Ce 2 octobre 2025, la vedette annoncée était Luan Góes, mais force est de reconnaître que Mme Claude, la percussionniste lunaire et précise aux faux airs de Yolande Moreau, lui a souvent volé la vedette. « Ho nell petto un cor si forte » d’Antonio Vivaldi permet ainsi à la musicienne de claquer un solo de psaltérion qui saisit l’assistance. La voix prend ensuite le lead en donnant la parole à Giustino, l’ex-laboureur devenu soldat et personnage-titre d’un opéra d’Antonio Vivaldi. Le militaire, arrivé à un nouveau tournant de sa vie, conclut le deuxième acte en déclarant son amour à Leocasta. En bon porte-voix de ses sentiments, le contreténor profite habilement des changements d’humeur de la partition pour osciller entre
- l’affirmation,
- le chagrin et
- le désir d’aller plus loin pour devenir soi.
On salue la volonté
- de raconter,
- d’être expressif donc excessif, et
- d’accompagner les fluctuations de caractère de cet air imposant.
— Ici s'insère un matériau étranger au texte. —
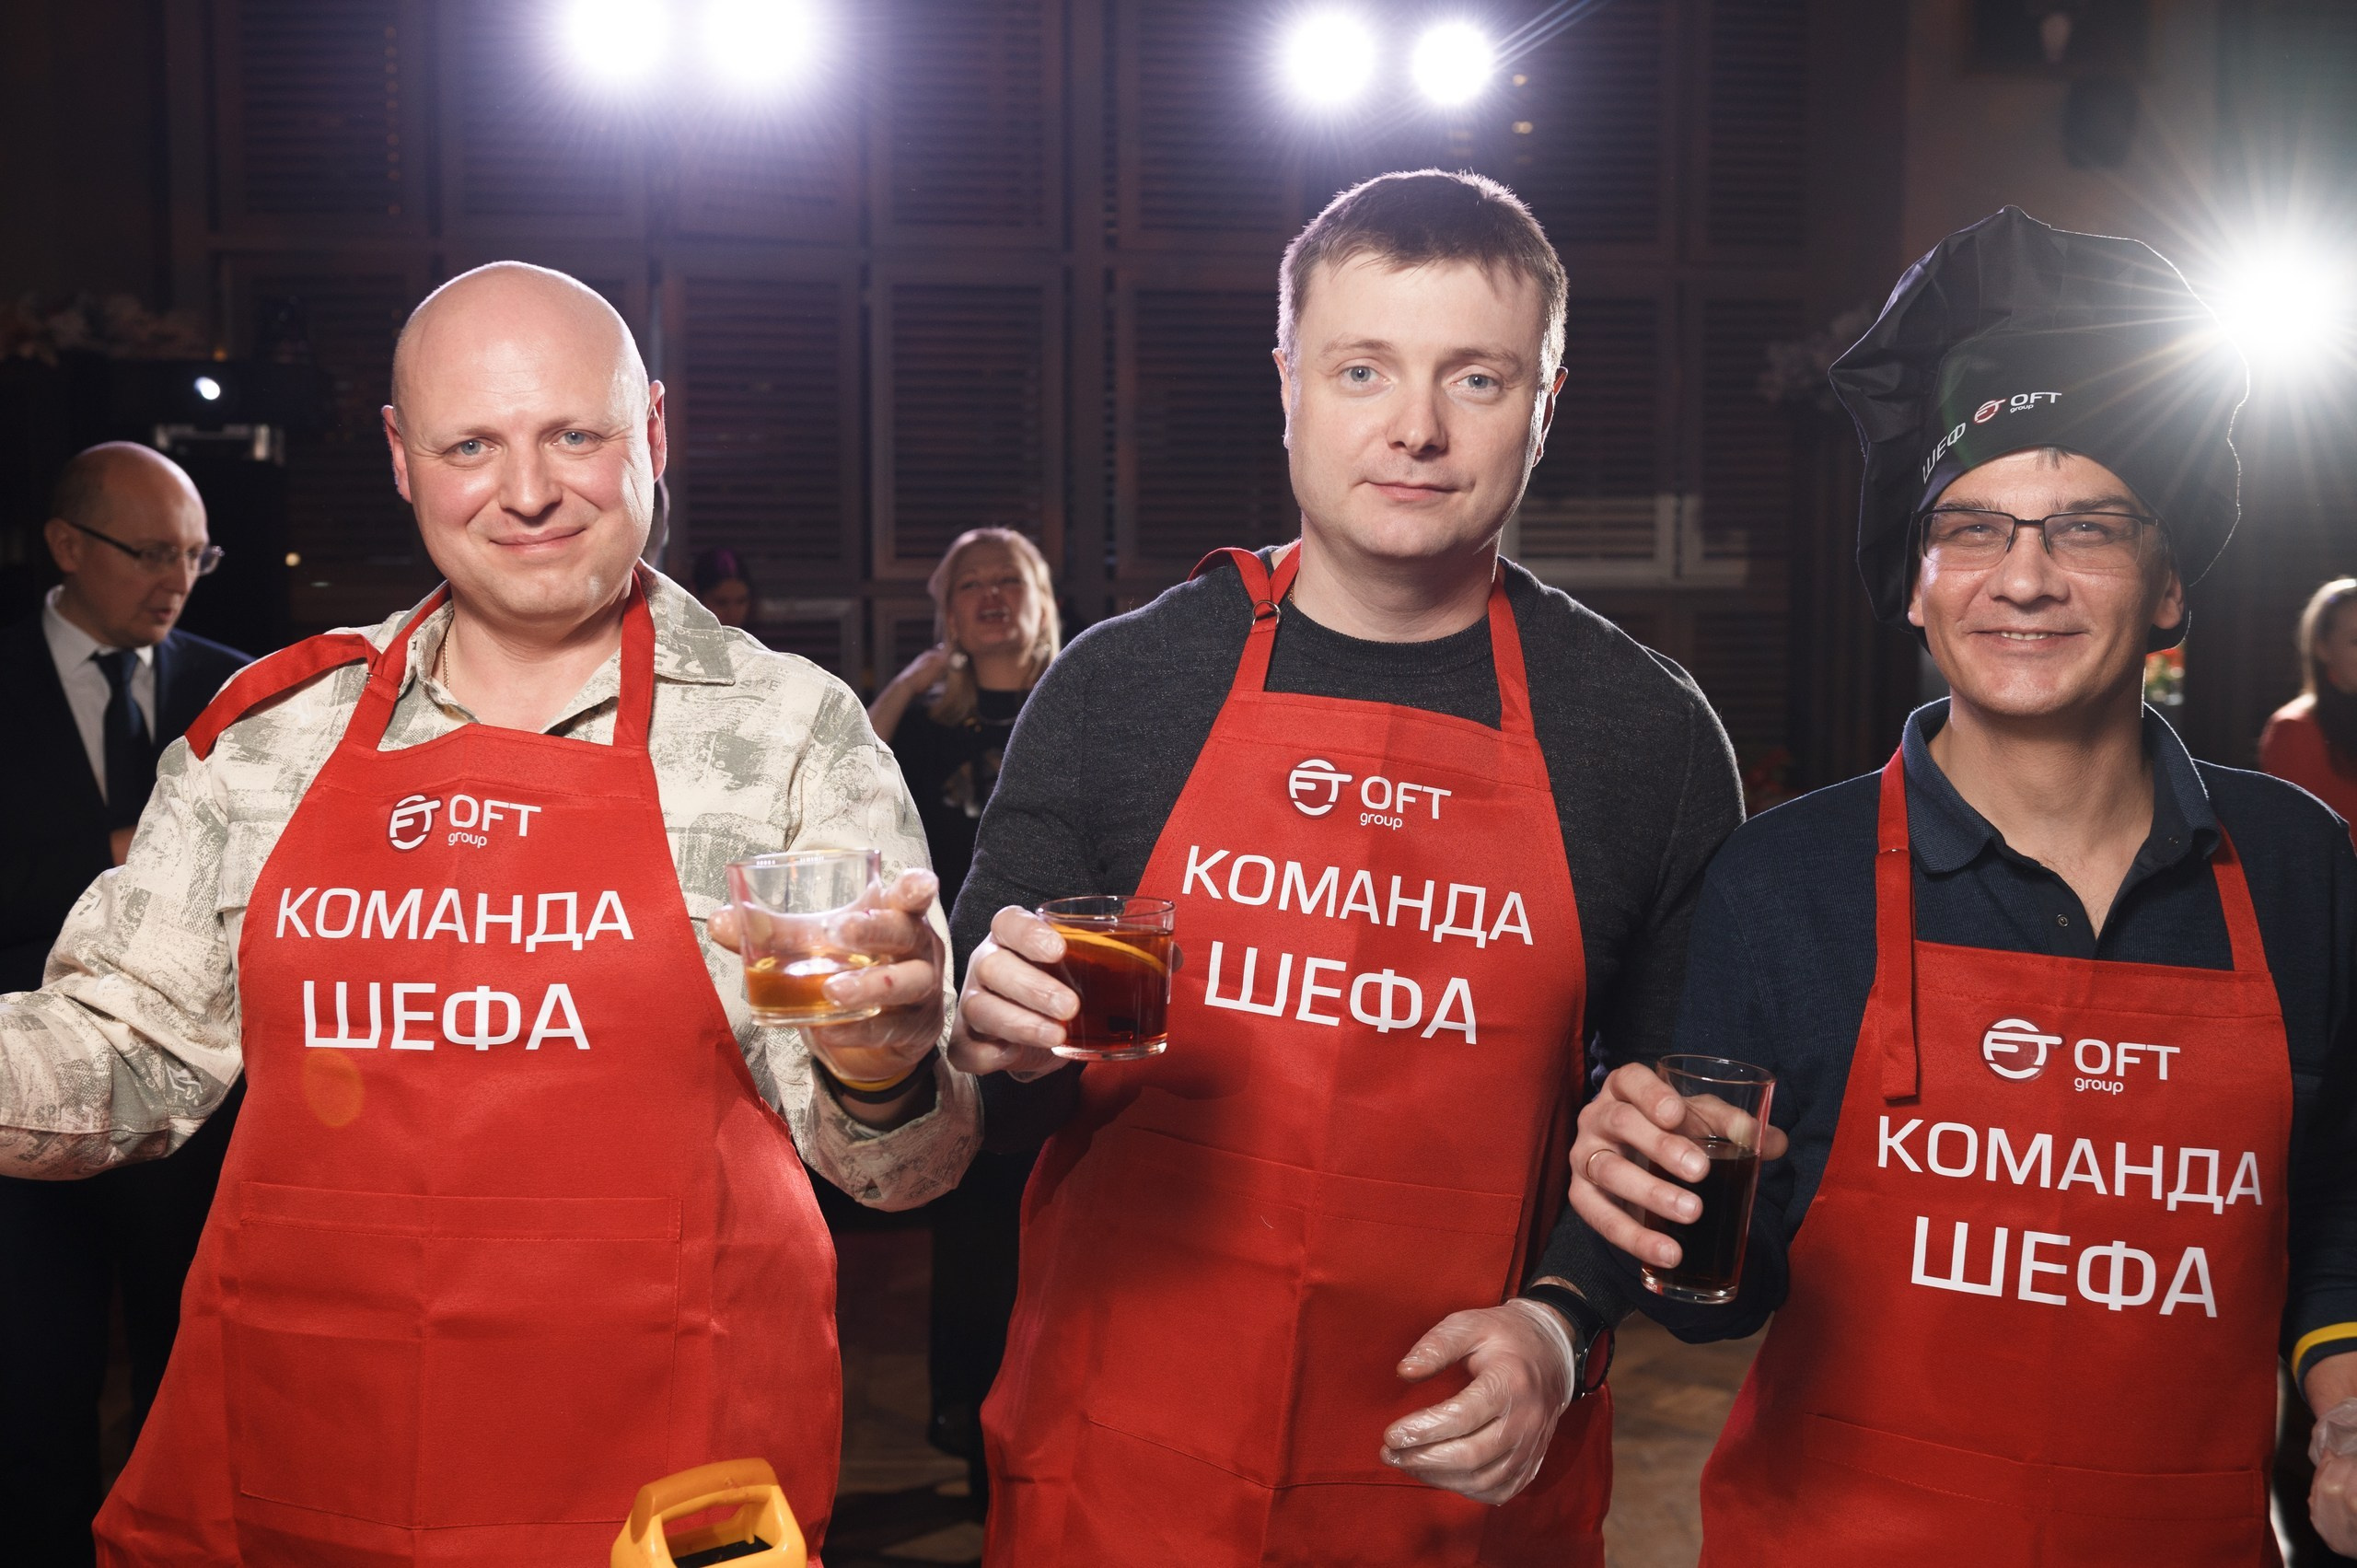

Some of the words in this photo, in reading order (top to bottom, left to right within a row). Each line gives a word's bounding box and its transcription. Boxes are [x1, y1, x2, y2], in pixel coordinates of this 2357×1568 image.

[2009, 403, 2035, 414] group
[2010, 391, 2063, 407] OFT
[1922, 421, 1968, 485] ШЕФ
[448, 794, 542, 838] OFT
[1360, 775, 1452, 820] OFT
[447, 831, 488, 849] group
[1359, 812, 1403, 830] group
[1181, 844, 1534, 949] КОМАНДА
[275, 887, 634, 953] КОМАНДА
[1203, 940, 1477, 1045] ШЕФА
[303, 980, 591, 1051] ШЕФА
[2073, 1038, 2181, 1081] OFT
[2073, 1077, 2124, 1096] group
[1877, 1115, 2262, 1215] КОМАНДА
[1910, 1215, 2218, 1318] ШЕФА
De Partenope, opéra en trois actes de Georg Friedrich Händel, ne subsiste guère dans la mémoire des mélomanes que « Furibondo spira il vento ». Dans une histoire embrouillée où tout le monde veut plus ou moins épouser une reine tout en multipliant les conquêtes, Arsace – qui perdra le fight in fine – confie que, comme une tempête peut secouer terre et ciel, son âme est bouleversée par un chagrin profond. Derrière l’effet de la machine à vent (Michèle Claude, toujours), cet extrait permet à Luan Góes d’étinceler
- en associant déclamation extravertie et recherche de précision,
- en tenant le tempo et les décibels par la bride pour mieux exploser ensuite, et
- en soignant
- la ligne des vocalises,
- le tuilage des registres, ainsi que
- la complémentarité entre moments de suspension et moments de fureur explosive.
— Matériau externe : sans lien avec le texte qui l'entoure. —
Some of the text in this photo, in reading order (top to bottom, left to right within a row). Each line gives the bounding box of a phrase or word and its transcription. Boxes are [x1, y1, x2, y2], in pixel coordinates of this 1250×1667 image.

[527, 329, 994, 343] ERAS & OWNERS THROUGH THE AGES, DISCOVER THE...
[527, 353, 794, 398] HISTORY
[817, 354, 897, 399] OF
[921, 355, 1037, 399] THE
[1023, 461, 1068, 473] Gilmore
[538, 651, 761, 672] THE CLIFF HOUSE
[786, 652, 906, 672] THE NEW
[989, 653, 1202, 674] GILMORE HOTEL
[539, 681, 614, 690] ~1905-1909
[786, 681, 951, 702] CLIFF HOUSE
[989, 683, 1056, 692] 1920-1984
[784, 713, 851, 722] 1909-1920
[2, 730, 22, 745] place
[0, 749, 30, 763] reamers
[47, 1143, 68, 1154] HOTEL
Malheureusement, après la mi-temps, Ève Ruggieri revient causer, offrant un florilège d’approximations consternantes et de traits d’humour foireux afin d’évoquer les castrats
- (« les braves curés font chanter les enfants – enfin, ceux qui ont survécu »,
- « je crois que c’est un pape, Léon X ou quelque chose comme ça »,
- « quand on a un très bon ministre en France, on le déteste »,
- « le roi Philippe V, c’est vraiment une fin de race », etc.).
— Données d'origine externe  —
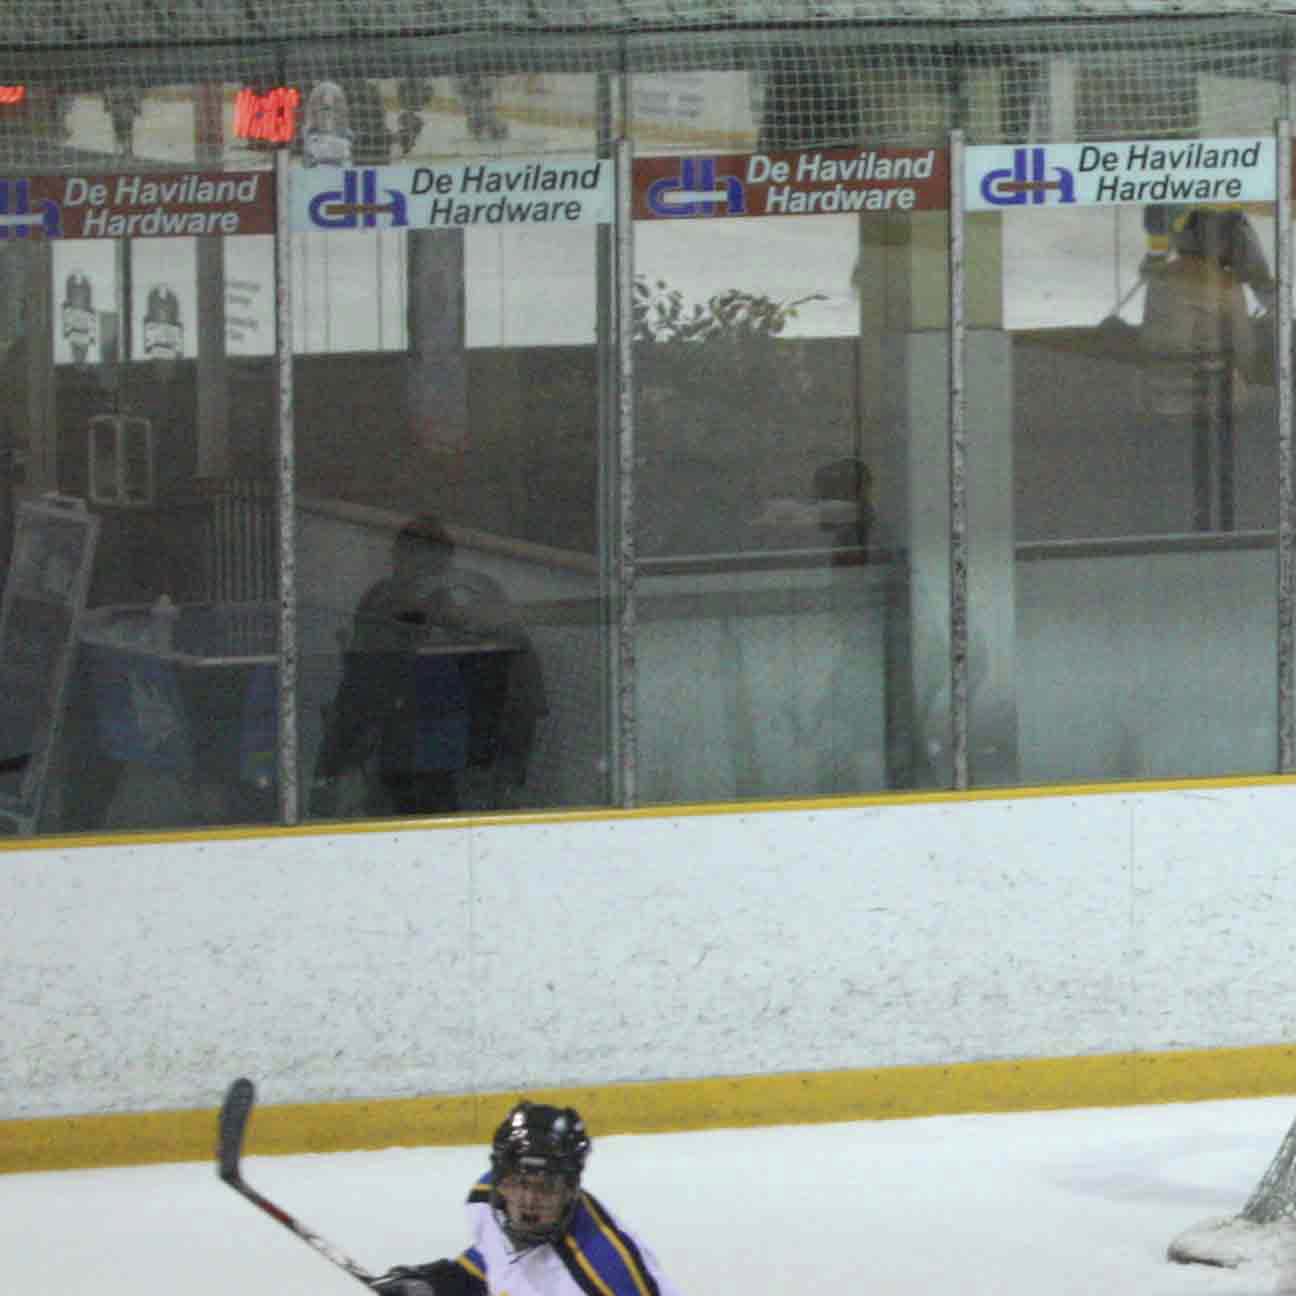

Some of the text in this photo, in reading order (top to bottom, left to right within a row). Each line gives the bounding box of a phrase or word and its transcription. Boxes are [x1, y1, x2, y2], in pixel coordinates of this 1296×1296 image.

[746, 150, 935, 184] De Haviland
[1078, 141, 1262, 172] De Haviland
[64, 175, 259, 207] De Haviland
[411, 162, 601, 195] De Haviland
[1096, 175, 1243, 202] Hardware
[430, 197, 582, 225] Hardware
[765, 185, 917, 213] Hardware
[82, 207, 240, 236] Hardware
Quand, enfin, l’inutile libère la scène, la musique peut reprendre ses droits avec « Venti turbini », un extrait du très religieux (mais un peu érotique quand même) Rinaldo de Georg Friedrich Händel. On reste dans la tempête avec cette incantation sollicitant les tourbillons pour « armer le bras » du héros « contre ceux qui [lui] ont donné de la peine ». Les Furiosi galantes s’illustrent par leur équilibre et leur aisance – ainsi du dialogue liminaire entre la violoniste Margherita Pupulin et le bassoniste Nicolas Rosenfeld, un moment de la meilleure eau. Luan Góes
- vocalise avec souplesse,
- respire juste,
- breake bien.
On regrette d’autant plus que sa présence scénique paraisse un brin corsetée : la musique est bel et bien exécutée, mais l’incarnation ne nous semble pas tout à fait à la hauteur. Dommage car l’air suivant eût plus ému si le chanteur était parvenu à délivrer ce supplément d’âme qui, parfois, transforme une bonne interprétation en moment wow. Dans « Gelido in ogni vena », Farnace, roi déchu, se rend compte de ce qu’il a fait en demandant à sa femme et à son fils de se suicider plutôt que d’être capturés par l’ennemi.
- Son sang a gelé ;
- il est terrorisé ; et
- il comprend l’étendue de sa cruauté – cette compréhension étant pour lui « pire que la douleur ».
Dans une atmosphère hivernale, l’heure est à l’effroi, donc aux extrêmes
- (accents cinglants versus suavité des phrasés,
- largeur des registres convoqués,
- tonicité de l’ensemble pouvant virer à la furibonderie, et hop).
Assis non loin de nous, le fils de la première violoniste, qui avait pourtant promis d’être sage à la pause, n’y tient plus et se met à pleurer. Pourtant, on croit sentir chez le contreténor une volonté de garder le drame légèrement à distance pour ne pas laisser l’émotion qu’il doit exprimer submerger la musicalité. L’option est louable sur le principe, mais on aimerait décidément que Luan Góes se lâchât davantage, ce qui nous permettrait de partager davantage la violence de ce que ressent Farnace et, ainsi, de nous envoler vers les cimes d’un désespoir de théâtre. La dernière partie du concert permettra-t-elle à l’artiste de se libérer et, ainsi, de lever nos dernières réserves ? Fin du suspense dans une prochaine notule !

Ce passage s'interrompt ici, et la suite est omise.